Teachers in Brazil, protesting their poor working conditions and paltry wages for undertaking one of the most essential jobs in the world today-educating future generations-were brutally attacked by security forces as they protested for better pay and working conditions. While their rally was hijacked by anarchists and other groups fed up with the gross inequalities which have characterized Brazil for decades; the teachers’ protests are receiving more attention because Brazil is to host two of the world’s most watched and attended sporting spectacles: The FIFA World Cup in 2014 and the Olympic games in 2016.
Sport in itself is an essential part of the social and psychological dynamic of human societies, and has been for thousands of years. The kinds of sporting activities which have evolved through to today are for the most part based on fair competition with the sole purpose of excelling in and accomplishing extraordinary human achievements whilst showing courage, determination and perseverance in a particular field.
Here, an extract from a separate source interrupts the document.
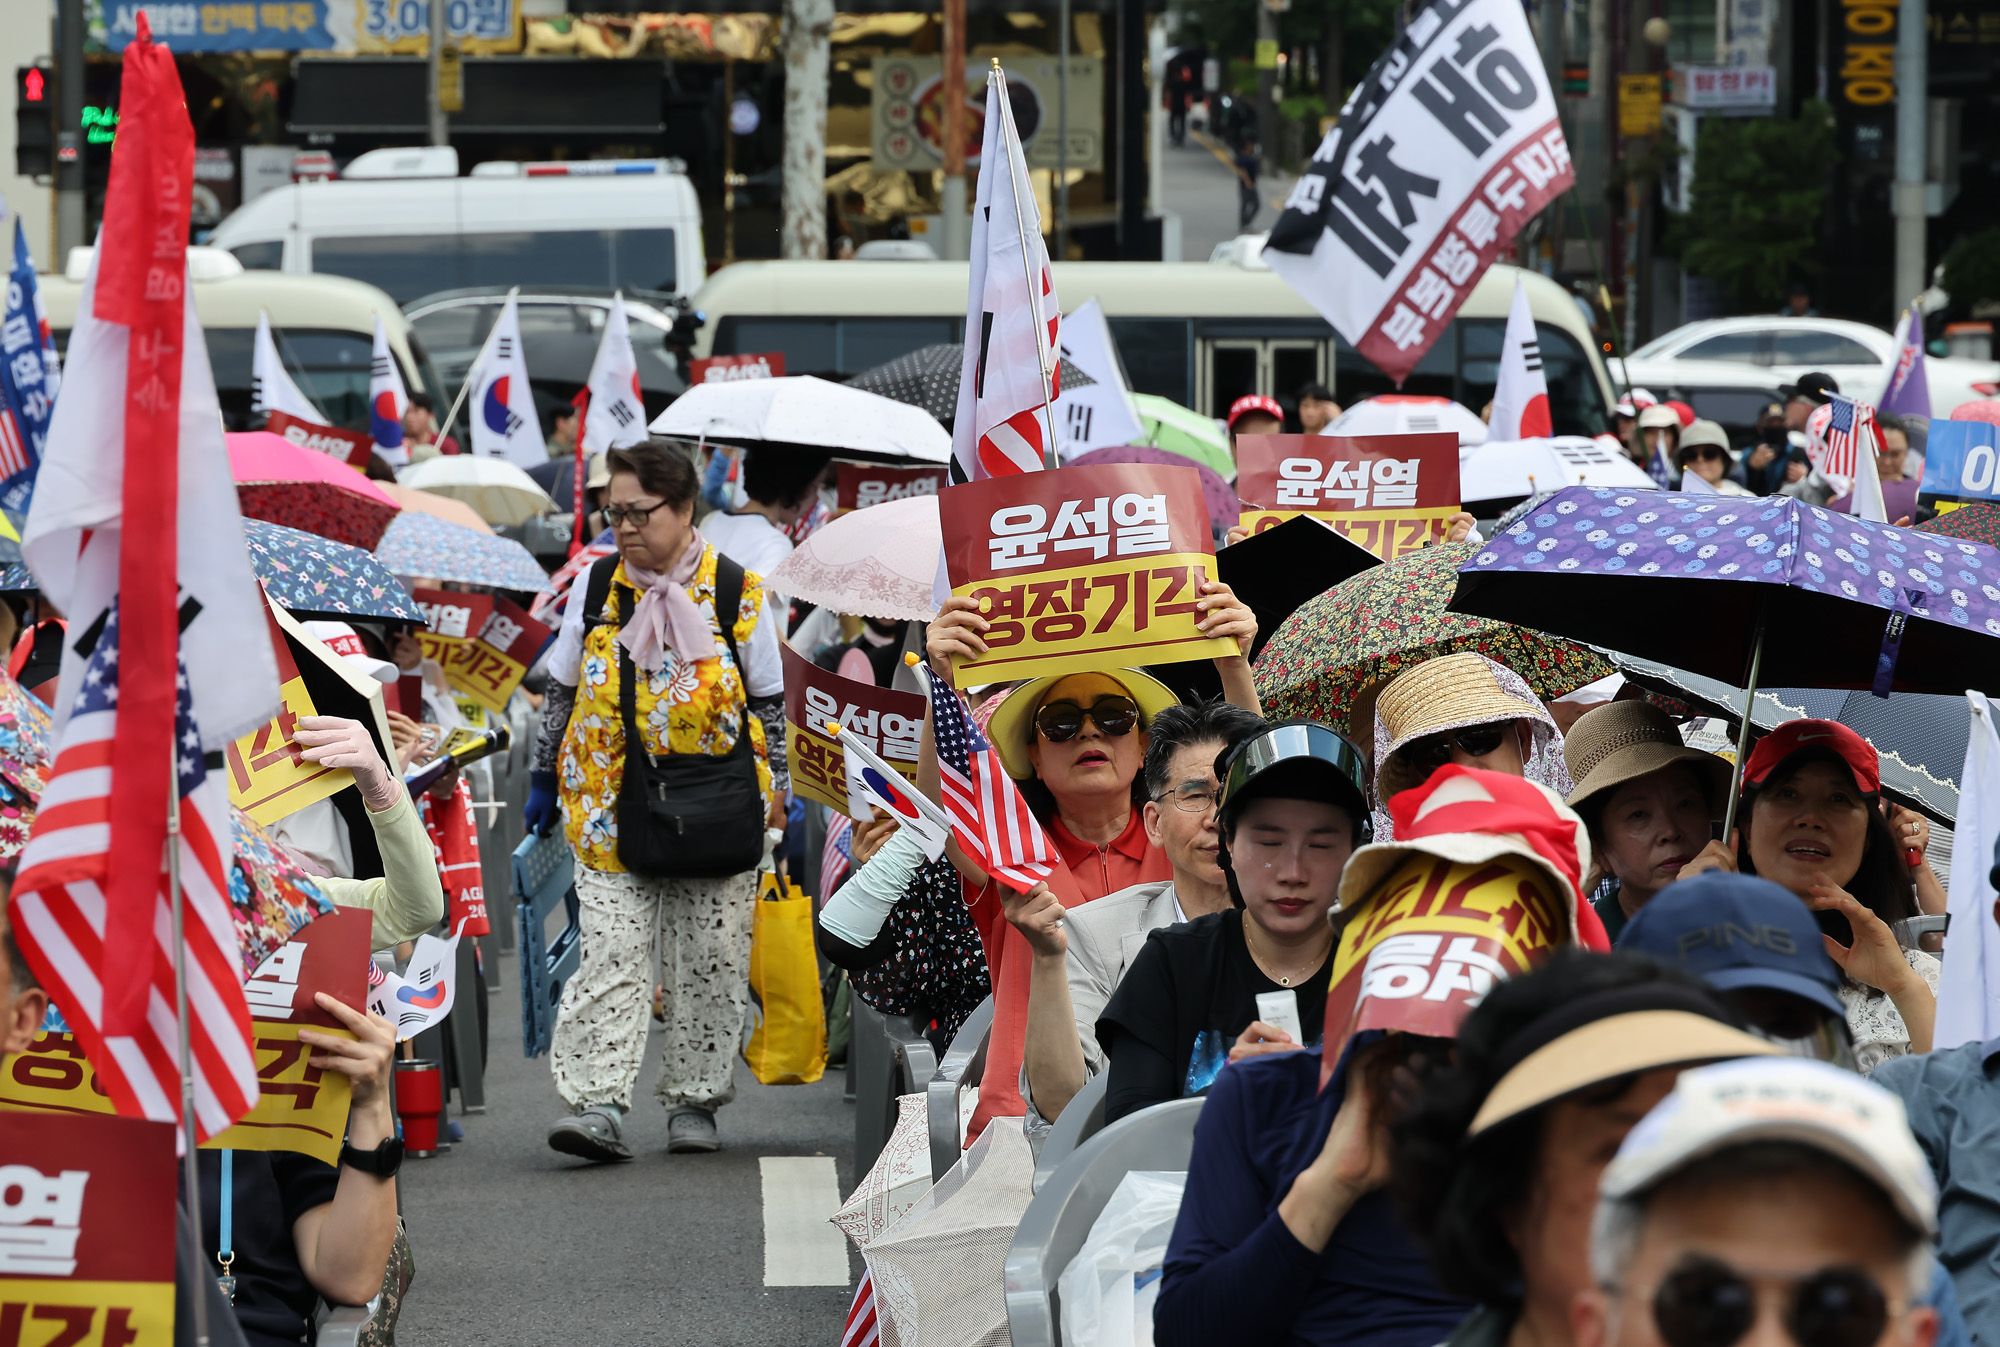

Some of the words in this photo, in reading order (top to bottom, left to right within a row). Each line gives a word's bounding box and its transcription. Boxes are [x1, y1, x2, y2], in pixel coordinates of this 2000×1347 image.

These core values of competitive sport make any game or competition such an exciting spectator event and fuels local, national and international fervor to the point that one’s life-style, social status and reputation may be determined by the sport they follow and the club brand to which they hold allegiance. Football, Cricket, the NBA, the NFL, Tennis, Baseball, Rugby Union & League, as well as Swimming, Sailing and Skiing are featured among the top elite sports in the world. The respective affiliations and clubs which host these sports are for the most part multi-billion dollar a year industries and are legitimized through their own hierarchical structures and law governing bodies each in some way linked to the corporate world of advanced capitalism. And herein lays the rub for ordinary folk.
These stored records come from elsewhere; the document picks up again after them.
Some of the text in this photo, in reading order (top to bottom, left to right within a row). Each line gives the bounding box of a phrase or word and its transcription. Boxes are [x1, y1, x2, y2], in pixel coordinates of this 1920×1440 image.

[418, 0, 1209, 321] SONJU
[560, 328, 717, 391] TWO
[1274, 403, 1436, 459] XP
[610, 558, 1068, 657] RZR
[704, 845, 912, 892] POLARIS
What justification can there be for paying anyone in excess of $400,000 per week when the global average wage per week is around $600 per week; if you are lucky enough not to be born in any of the developing countries of the world? While top footballers like Gareth Bale and Cristiano Ronaldo offer us scintillating performances as skilled footballers; from a social justice and equality stance there is no justification for the kind of money they earn as professionals. Therefore, it is totally acceptable for teachers in Brazil or anywhere else for that matter, who may only earn as little as $1600 per month to protest, given their profession is essential, while footballers’ jobs, and myriad other sporting professionals’ jobs are non-essential.
Brazil has come to accept the gross social and economic inequalities in its country as the norm. This is wrong. The people’s right to protest is an inalienable right, especially as they are paying out billions of dollars on their country’s credit card to host two of the world’s most prestigious sporting spectacles. While the World Cup and the 31st Olympiad will bring a lot of kudos and cash to pay off the debt accumulated by the country in the short term, the long term goal of providing decent housing, decent jobs, decent wages and alleviating poverty fades away.
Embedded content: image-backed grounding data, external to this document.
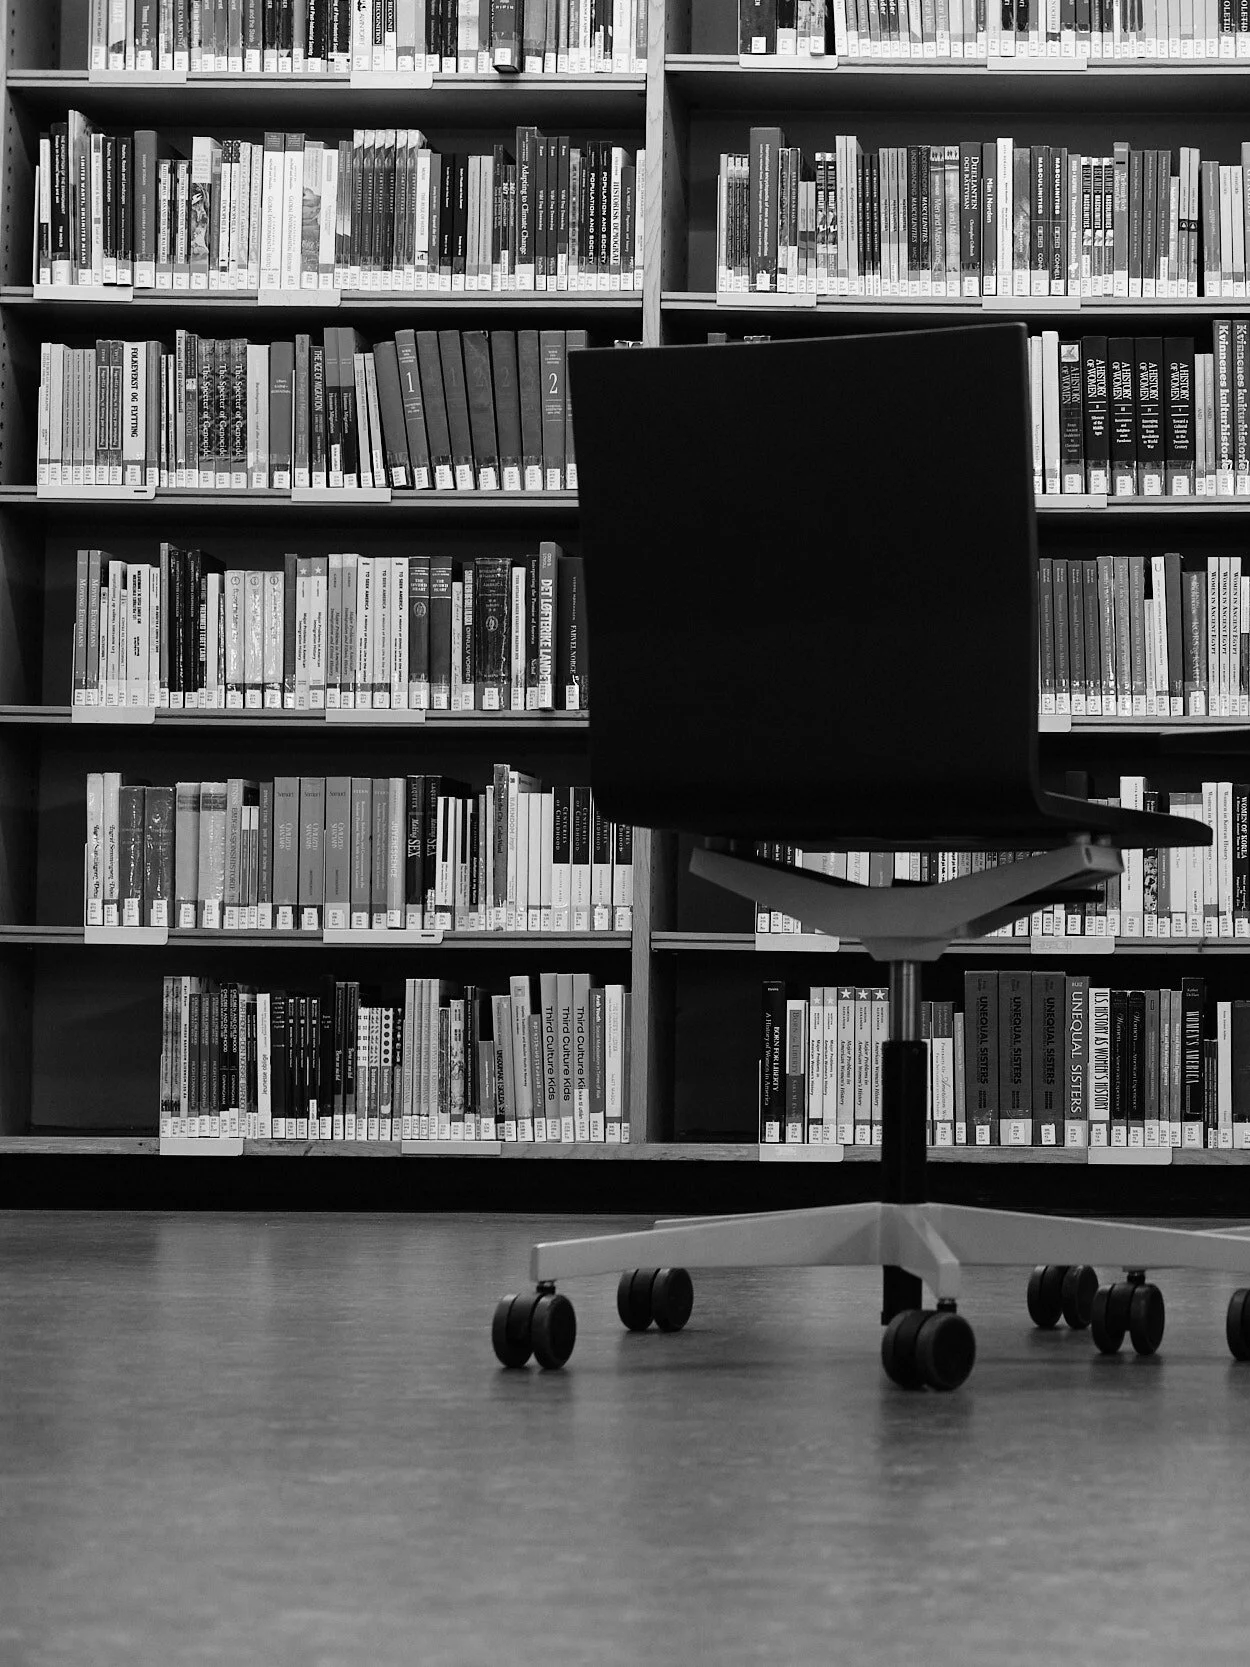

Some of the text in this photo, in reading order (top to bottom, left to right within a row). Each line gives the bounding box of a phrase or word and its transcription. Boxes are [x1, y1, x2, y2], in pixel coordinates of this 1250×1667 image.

[520, 165, 528, 194] Adapting
[520, 204, 528, 229] Climate
[520, 230, 528, 254] Change
[202, 364, 210, 379] The
[549, 373, 557, 393] 2
[1113, 362, 1121, 400] OF WOMEN
[1122, 368, 1131, 399] HISTORY
[131, 393, 138, 402] OG
[202, 381, 210, 409] Specter
[1219, 325, 1229, 469] Kvinnenes kulturhistorie
[202, 421, 210, 457] Genocide
[540, 579, 552, 684] DET LØFTERIKE LANDE
[1241, 825, 1247, 833] OF
[408, 839, 420, 857] SEX
[1070, 991, 1082, 1113] UNEQUAL SISTERS
[1095, 992, 1108, 1110] U.S. HISTORY AS WOMEN'S HISTORY
[548, 1078, 556, 1100] Kids
Nelson Mandela reminds us that the globalization of professional sport means, as it so often does, “that the rich and powerful now have new means to further enrich and empower themselves at the cost of the poorer and weaker, and that we have a right and a responsibility to protest in the name of universal freedom”.

One comment on “Teaching in the Shadows of Social Injustice

  1. Michael says:

    I can relate to paltry wages in a wealthy setting.
    Teachers may be “respected” but their wages are often not a measure of “economic respect”. More lessons to be learned.